Thread: A rather hackish POC for alternative implementation of WITH TIES

A rather hackish POC for alternative implementation of WITH TIES

From
Andrew Gierth
Date:
This patch is a rather hacky implementation of the basic idea for
implementing FETCH ... WITH TIES, and potentially also PERCENT, by using
a window function expression to compute a stopping point.

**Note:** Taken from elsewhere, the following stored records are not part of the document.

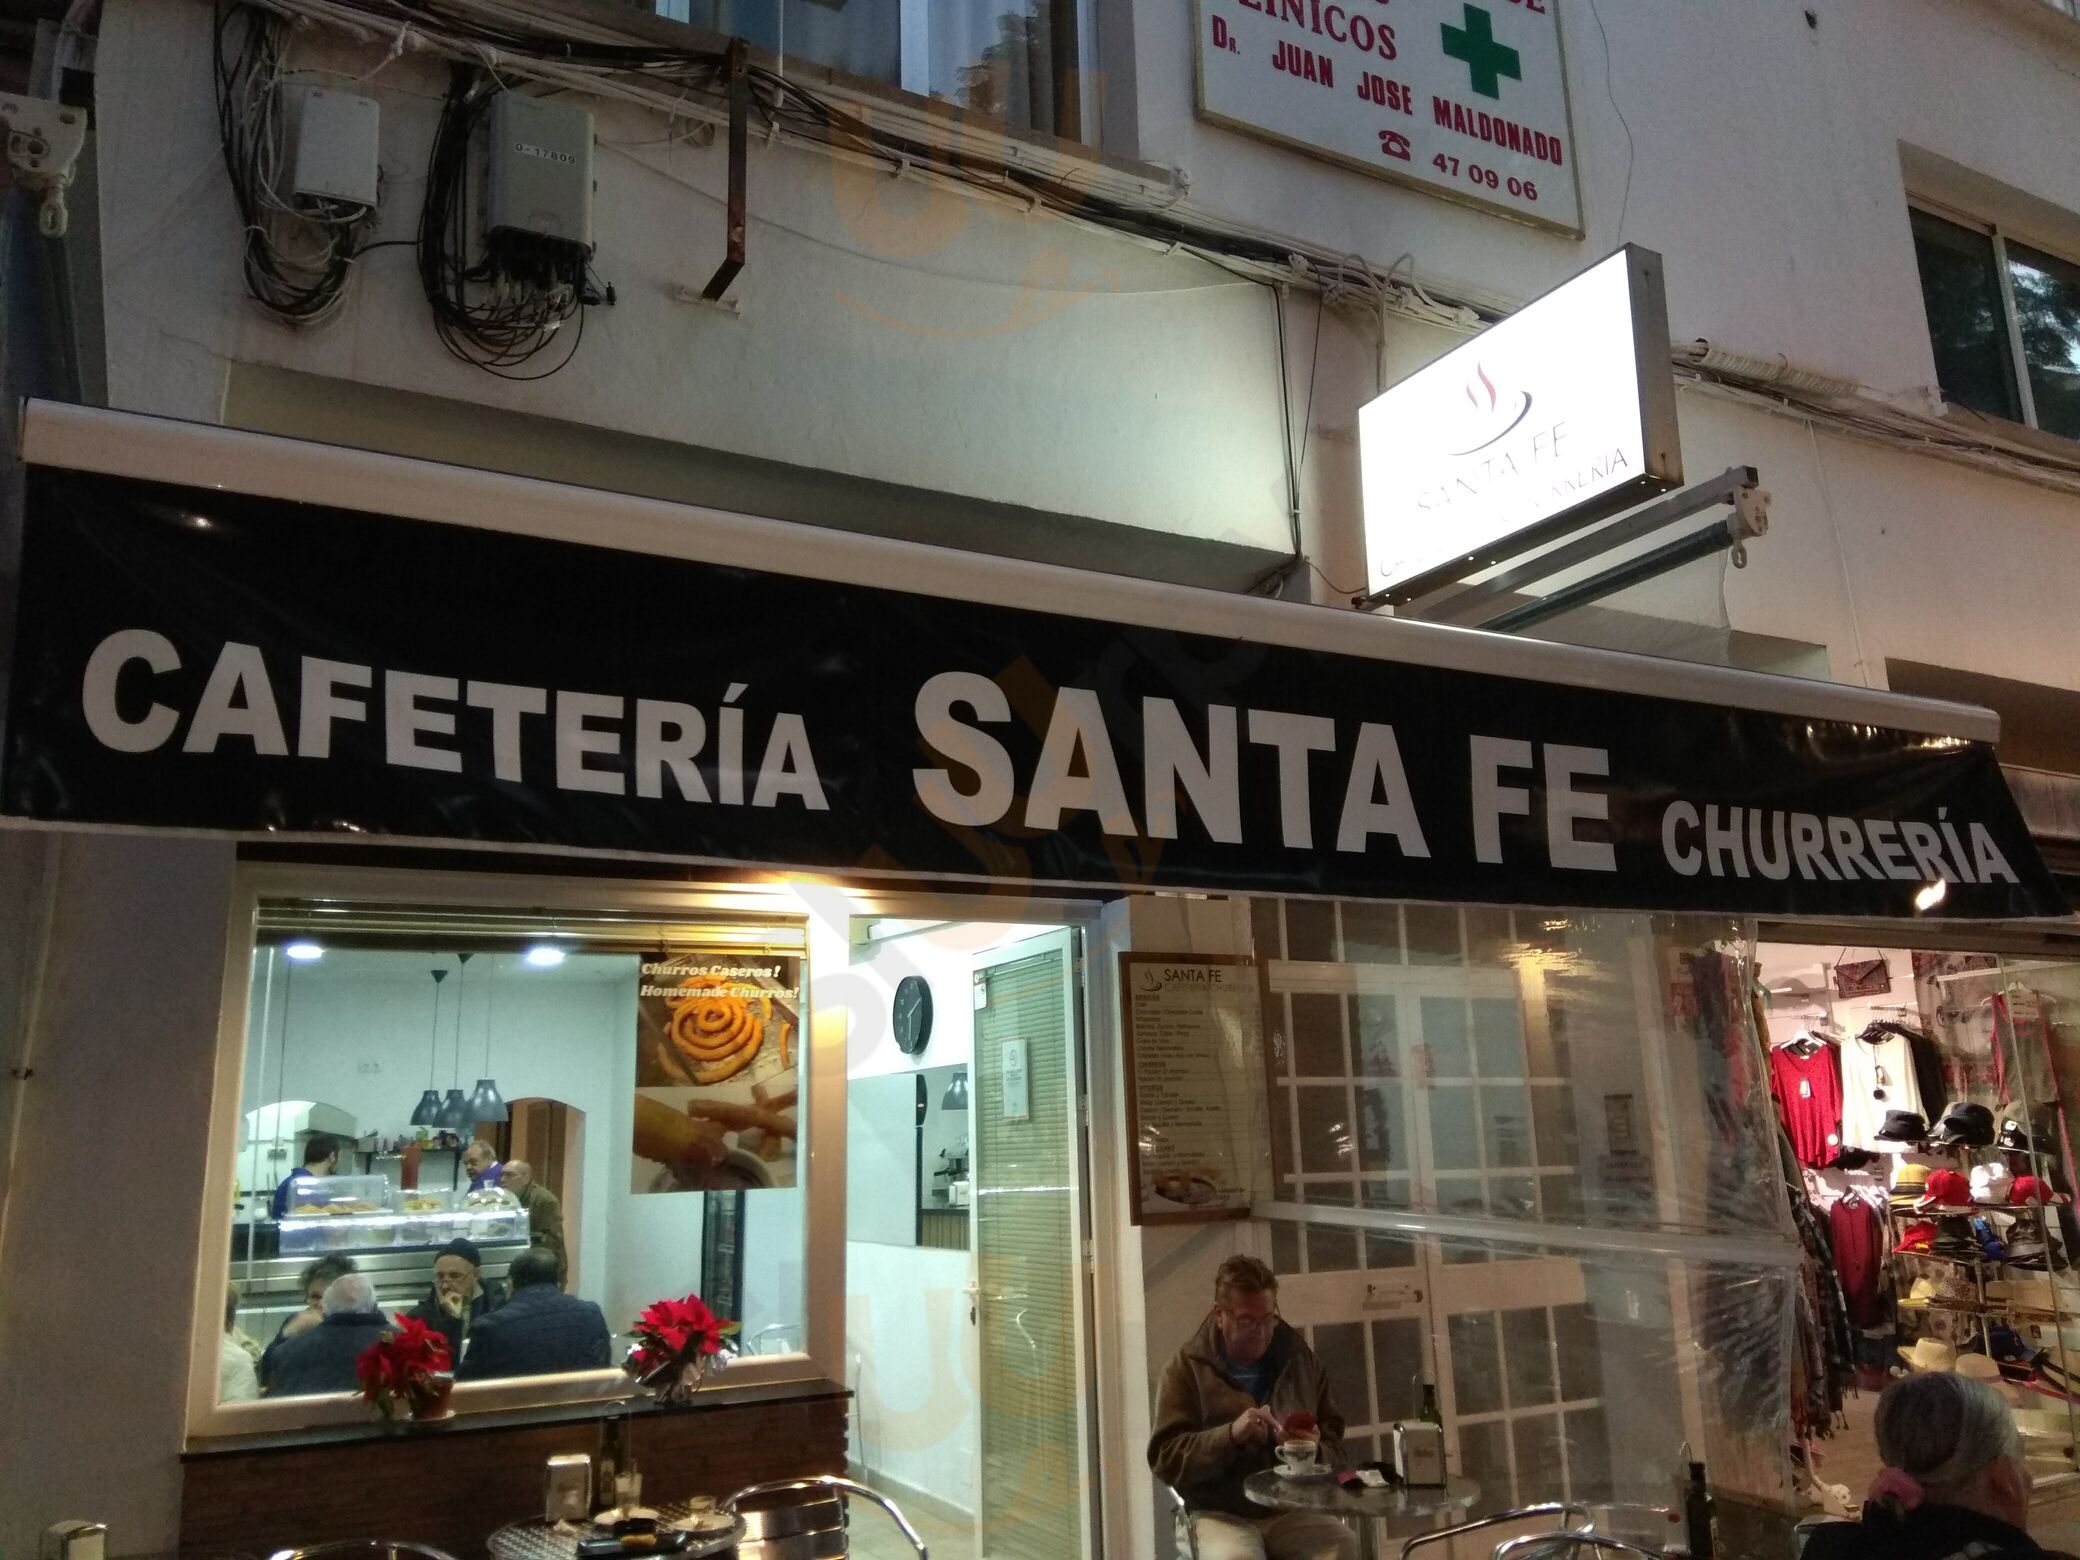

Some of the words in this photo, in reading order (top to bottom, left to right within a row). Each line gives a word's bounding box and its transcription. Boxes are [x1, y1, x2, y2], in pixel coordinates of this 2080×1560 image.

[1272, 40, 1334, 89] JUAN
[1357, 71, 1413, 116] JOSE
[1433, 96, 1563, 166] MALDONADO
[1433, 153, 1460, 177] 47
[1468, 164, 1499, 190] 09
[1507, 176, 1538, 201] 06
[1532, 420, 1568, 464] FE
[82, 628, 830, 811] CAFETERÍA
[912, 670, 1432, 858] SANTA
[1469, 734, 1617, 872] FE
[1661, 800, 2021, 884] CHURRERÍA
[640, 985, 727, 998] Homemade
[730, 986, 800, 999] Churros!
[641, 963, 708, 976] Churros
[1164, 968, 1205, 982] SANTA
[1208, 969, 1222, 983] FE
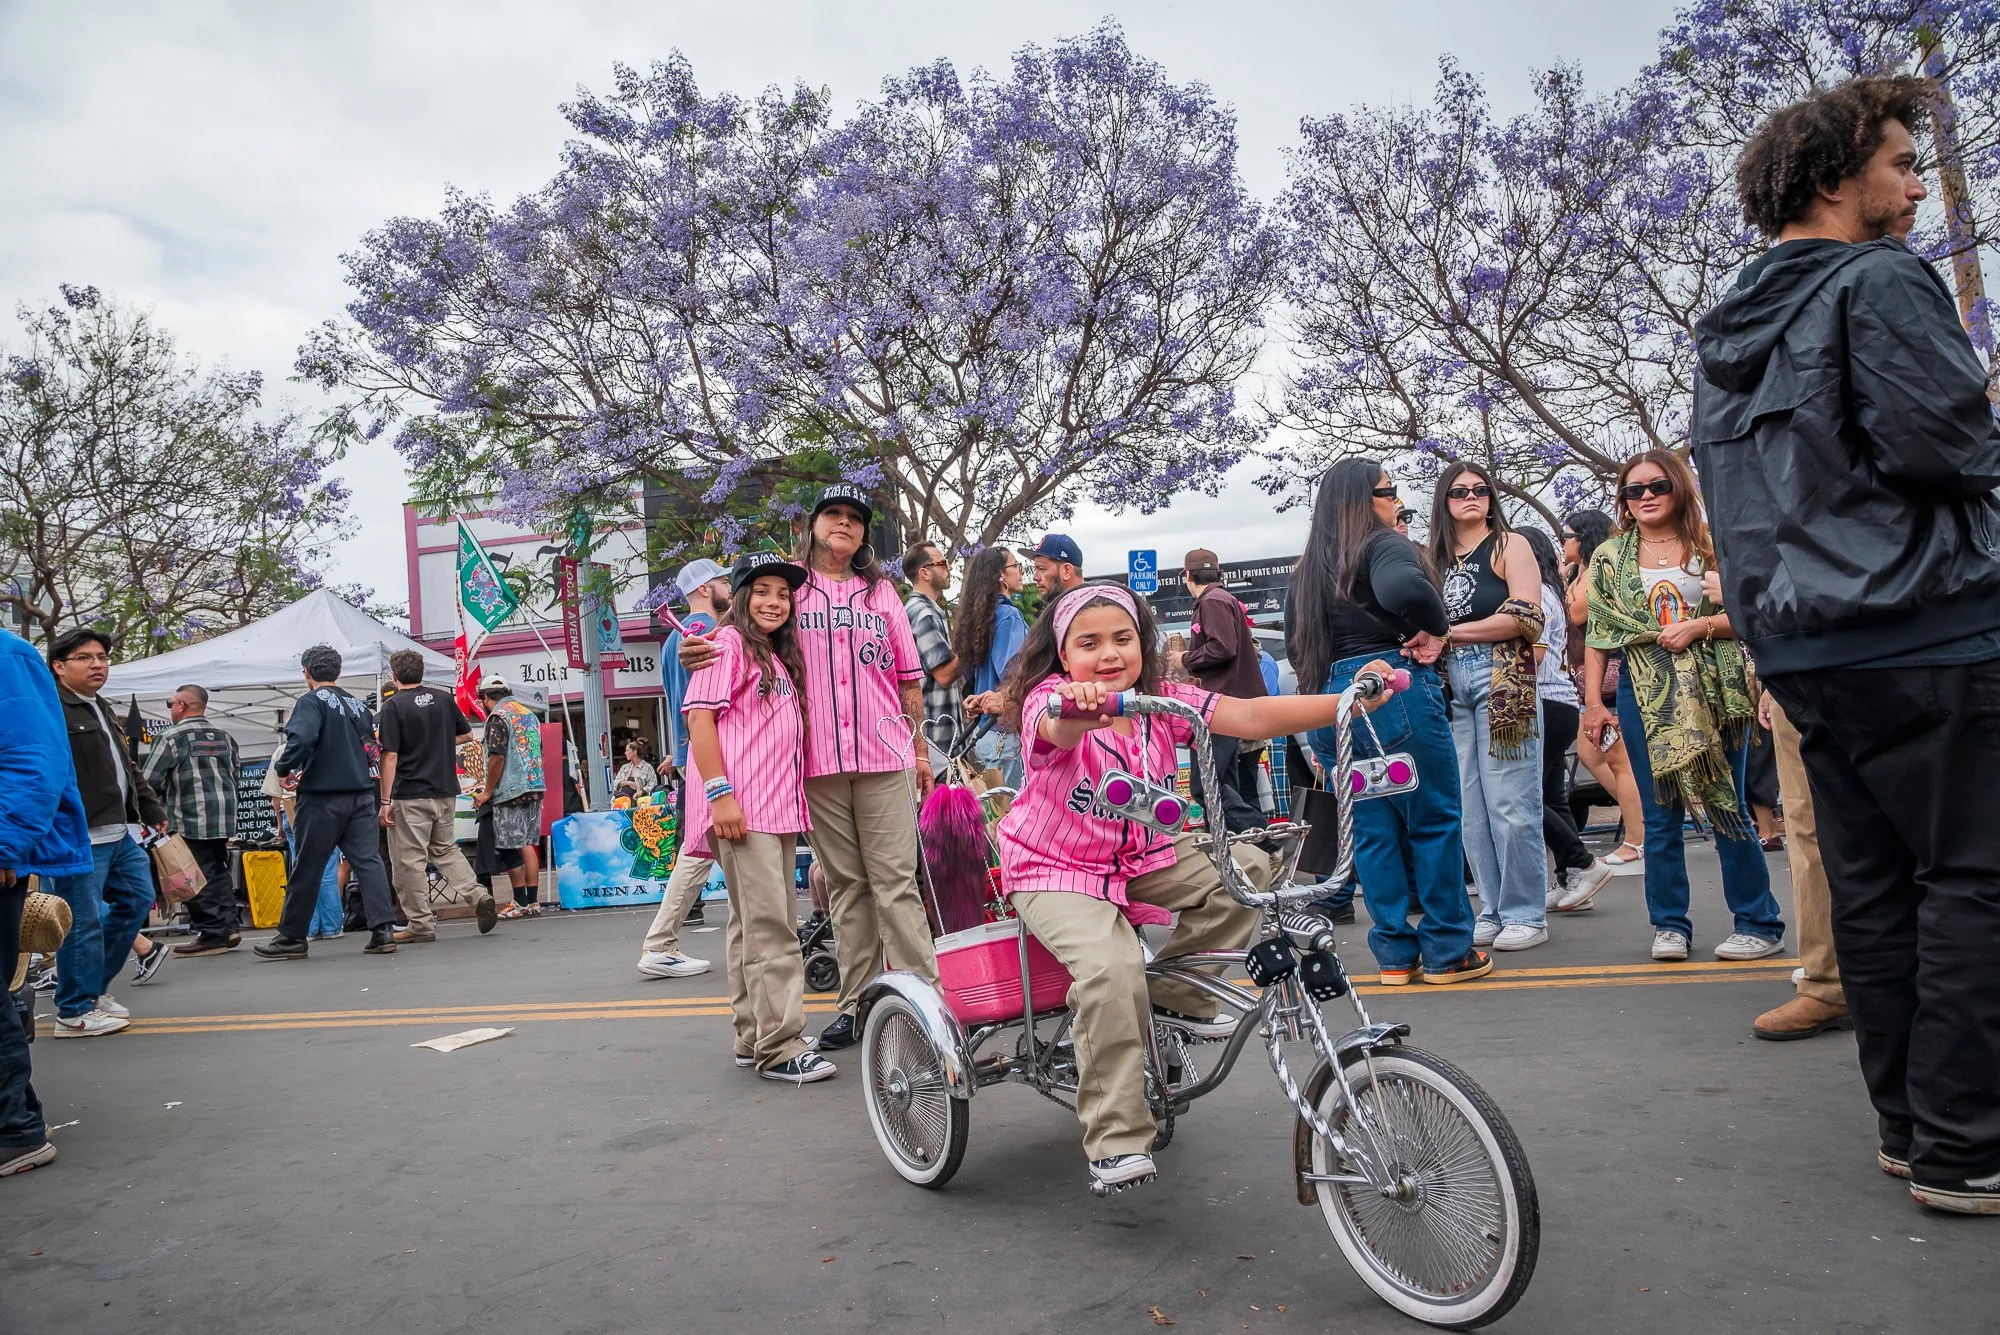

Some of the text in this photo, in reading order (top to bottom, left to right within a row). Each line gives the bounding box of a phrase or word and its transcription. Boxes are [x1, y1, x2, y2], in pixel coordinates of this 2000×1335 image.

[1130, 571, 1156, 580] PARKING
[1157, 577, 1176, 587] ATER!
[1242, 567, 1271, 578] PRIVATE
[1272, 564, 1298, 575] PARTIE
[1135, 581, 1151, 590] ONLY
[565, 564, 580, 662] LOGA AVENUE
[799, 611, 826, 630] an
[858, 641, 894, 671] 619
[520, 662, 568, 683] Loka
[242, 768, 268, 778] HAIRC
[250, 779, 265, 788] FAD
[238, 801, 254, 809] ARD
[237, 811, 255, 820] ZOR
[237, 820, 272, 830] LINE UPS
[236, 832, 247, 840] OT
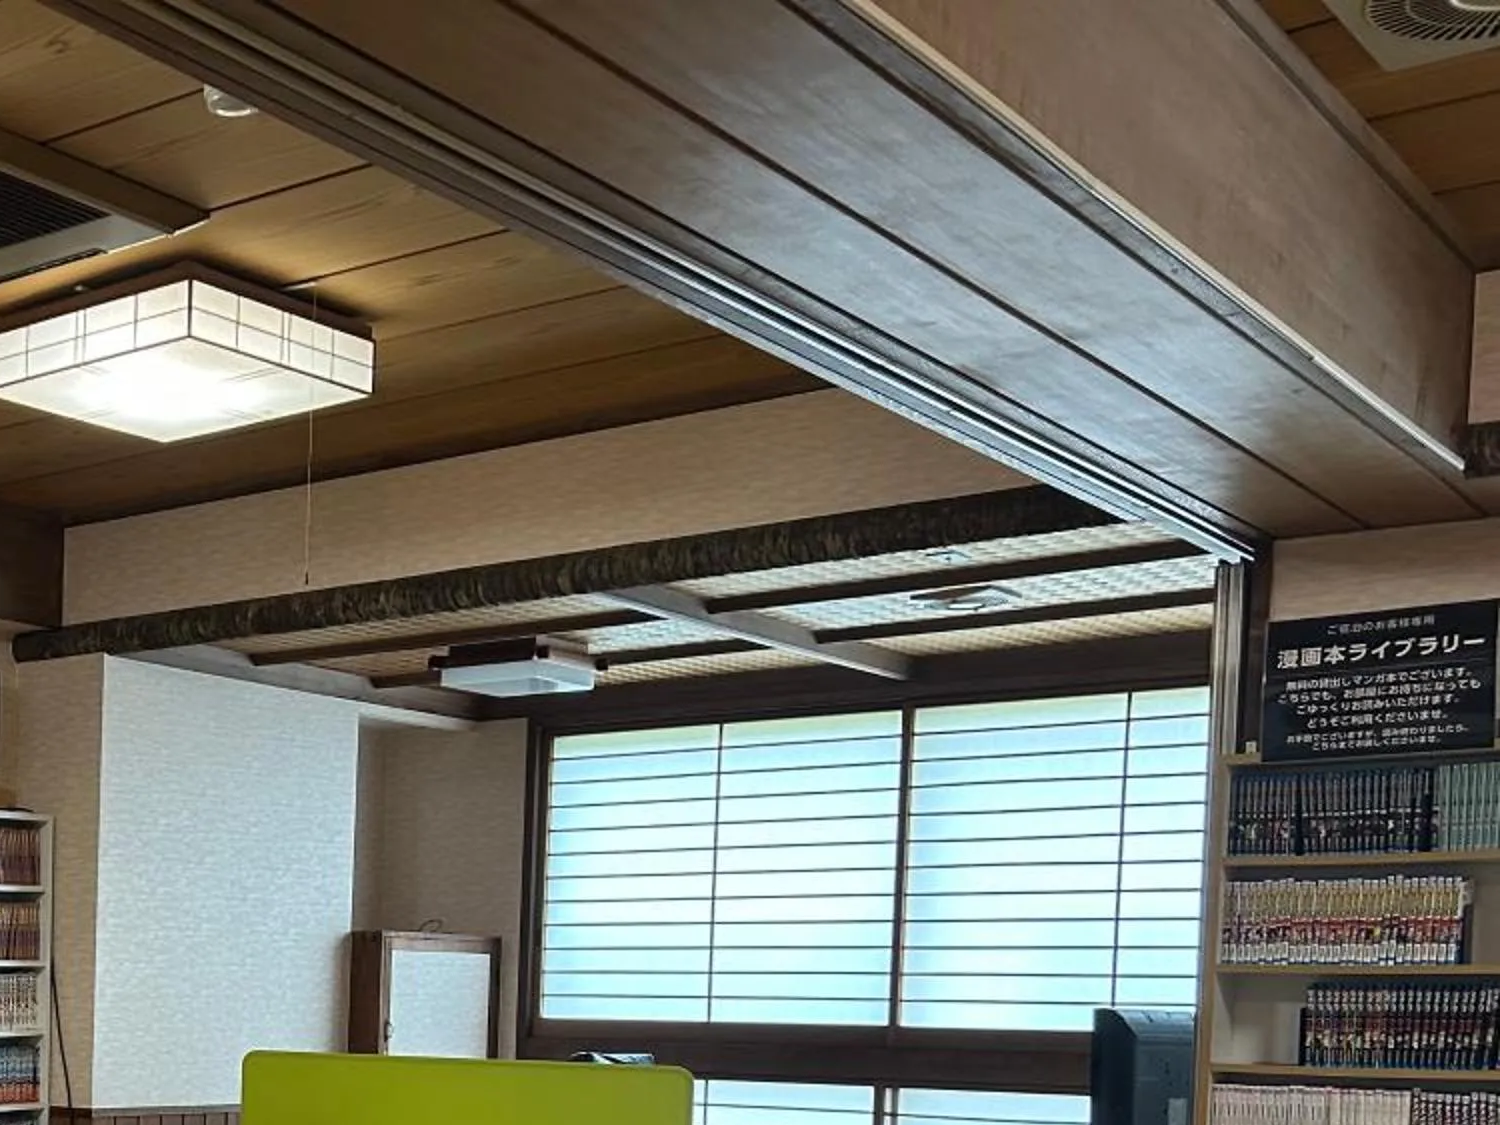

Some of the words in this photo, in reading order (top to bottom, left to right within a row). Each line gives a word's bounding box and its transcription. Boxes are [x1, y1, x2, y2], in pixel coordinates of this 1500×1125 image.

Large chunks of this (the parser/ruleutils changes, docs, tests) are
taken from Surafel Temesgen's patch. The difference is that the executor
change in my version is minimal: Limit allows a boolean column in the
input to signal the point at which to stop. The planner inserts a
WindowAgg node to compute the necessary condition using the rank()
function.

The way this is done in the planner isn't (IMO) the best and should
probably be improved; in particular it currently misses some possible
optimizations (most notably constant-folding of the offset+limit
subexpression). I also haven't tested it properly to see whether I broke
anything, though it does pass regression.

-- 
Andrew (irc:RhodiumToad)


Attachment

Re: A rather hackish POC for alternative implementation of WITH TIES

From
Surafel Temesgen
Date:


On Fri, Nov 29, 2019 at 8:40 AM Andrew Gierth <andrew@tao11.riddles.org.uk> wrote:
This patch is a rather hacky implementation of the basic idea for
implementing FETCH ... WITH TIES, and potentially also PERCENT, by using
a window function expression to compute a stopping point.

Large chunks of this (the parser/ruleutils changes, docs, tests) are
taken from Surafel Temesgen's patch. The difference is that the executor
change in my version is minimal: Limit allows a boolean column in the
input to signal the point at which to stop. The planner inserts a
WindowAgg node to compute the necessary condition using the rank()
function.

The way this is done in the planner isn't (IMO) the best and should
probably be improved; in particular it currently misses some possible
optimizations (most notably constant-folding of the offset+limit
subexpression). I also haven't tested it properly to see whether I broke
anything, though it does pass regression.



Unlike most other executor node limit node has implementation for handling backward scan that support cursor operation but your approach didn't do this inherently because it outsource limitNode functionality to window function and window function didn't do this

eg.

postgres=# begin;

BEGIN

postgres=# declare c cursor for select i from generate_series(1,1000000) s(i) order by i fetch first 2 rows with ties;

DECLARE CURSOR

postgres=# fetch all in c;

i

---

1

2

(2 rows)


postgres=# fetch backward all in c;

ERROR: cursor can only scan forward

HINT: Declare it with SCROLL option to enable backward scan.


Even with SCROLL option it is not working as limitNode does. It store the result and return in backward scan that use more space than current limit and limit with ties implementation.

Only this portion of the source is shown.